Positive absolute PCR products of BC patients ranged from 0.1 to 8.4 ng/ml for ga733.3, from 0.12 to 6.3 ng/ml for muc-1 and from 0.13 to 1.1 ng/ml for c-erbB2.

In the population of FD we observed specific amplifications for ga733.3 (5/50; 10%), muc-1 (6/50; 12%) and c-erbB2 (7/50; 14%).

Cases of RD exposed overexpression rates for ga733.3 (3/13; 23.1%), muc-1 (4/13; 30.8%) and c-erbB2 (1/13; 7.7%). Healthy controls showed positive expressions for ga733.3 (1/14; 7.1%), muc-1 (1/14; 7.1%) and c-erbB2 (7/14; 50%) (Figure 1).
Figure 1

ga733.3 and muc-1 expression. Multiplex pcr analyses of ga733.2 and muc-1 in peripheral blood.
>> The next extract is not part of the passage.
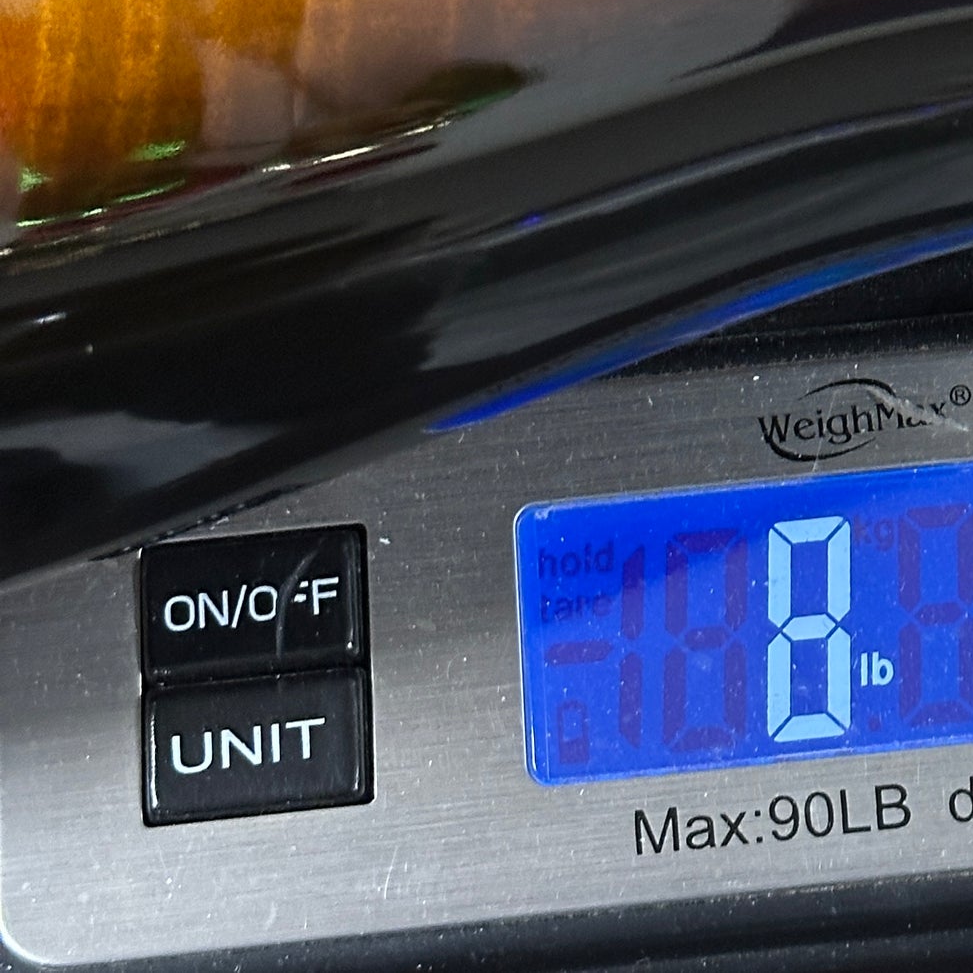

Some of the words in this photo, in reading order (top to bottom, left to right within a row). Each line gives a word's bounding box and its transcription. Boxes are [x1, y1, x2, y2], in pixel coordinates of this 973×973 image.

The "overall" panel refers to the patients with First Diagnosis (FD) and Relapse Disease (RD) excluding healthy controls.
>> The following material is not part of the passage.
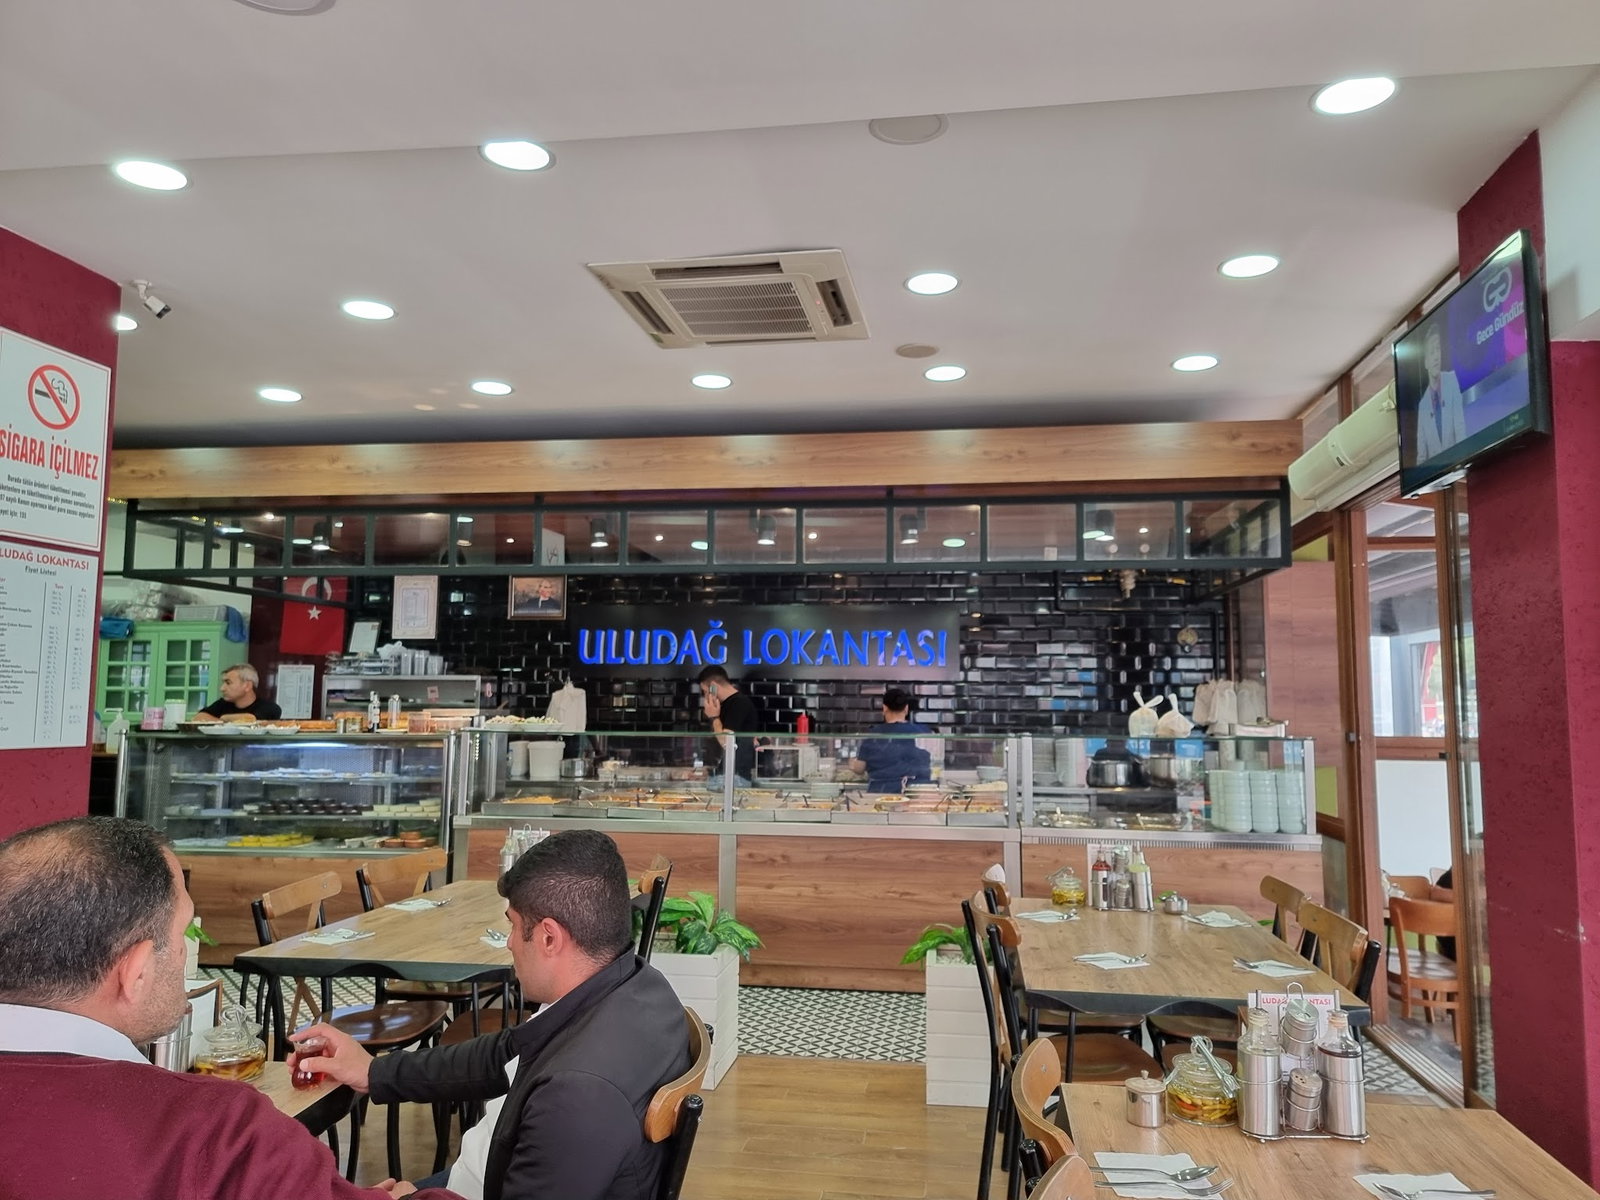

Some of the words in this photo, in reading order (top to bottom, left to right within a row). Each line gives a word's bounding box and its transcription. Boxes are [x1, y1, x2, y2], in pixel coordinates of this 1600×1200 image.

Expression levels of mgb-1, spdef and c-erbB2 in PB through RT-PCR

  1. 4

    samples of FD and 2 cases of RD had neither mgb1 specific nor non-specific transcription and were excluded from further examination. The same lack of transcription was found in 2 cases of FD and 1 case of RD concerning spdef. Hence we continued our investigation including 55 patients (44 FD and 11 RD cases) concerning mgb1 and 58 patients (46 FD and 12 RD cases) concerning spdef. Results of remaining products of patients ranged from 28 cycles to 39.5 cycles for mgb1 and from 29.4 cycles to 40.9 cycles for spdef. Specific signals (< 41 ct) for mgb1 were observed in 2/44 (4.5%) cases of FD and 3/11 (27.3%) cases of RD, whereas this value was 0/14 in healthy controls. spdef was detectable in 5/46 (10.9%) cases of FD, in 2/12 (16.7%) cases of RD and in 0/14 healthy controls, respectively. C-erbB2 expression was found in 11/50 (22%) cases of FD, in 5/13 (38.5%) cases of RD and in 10/14 (71.4%) healthy controls. Results ranged from 39.9 cycles to 33.5 cycles (Figure 2).

     
Figure 2

spdef and mgb1 expression. Positivity for spdef and mammaglobin1 in peripheral blood through RT-PCR. The "overall" panel refers to the patients with First Diagnosis (FD) and Relapse Disease (RD), excluding healthy controls.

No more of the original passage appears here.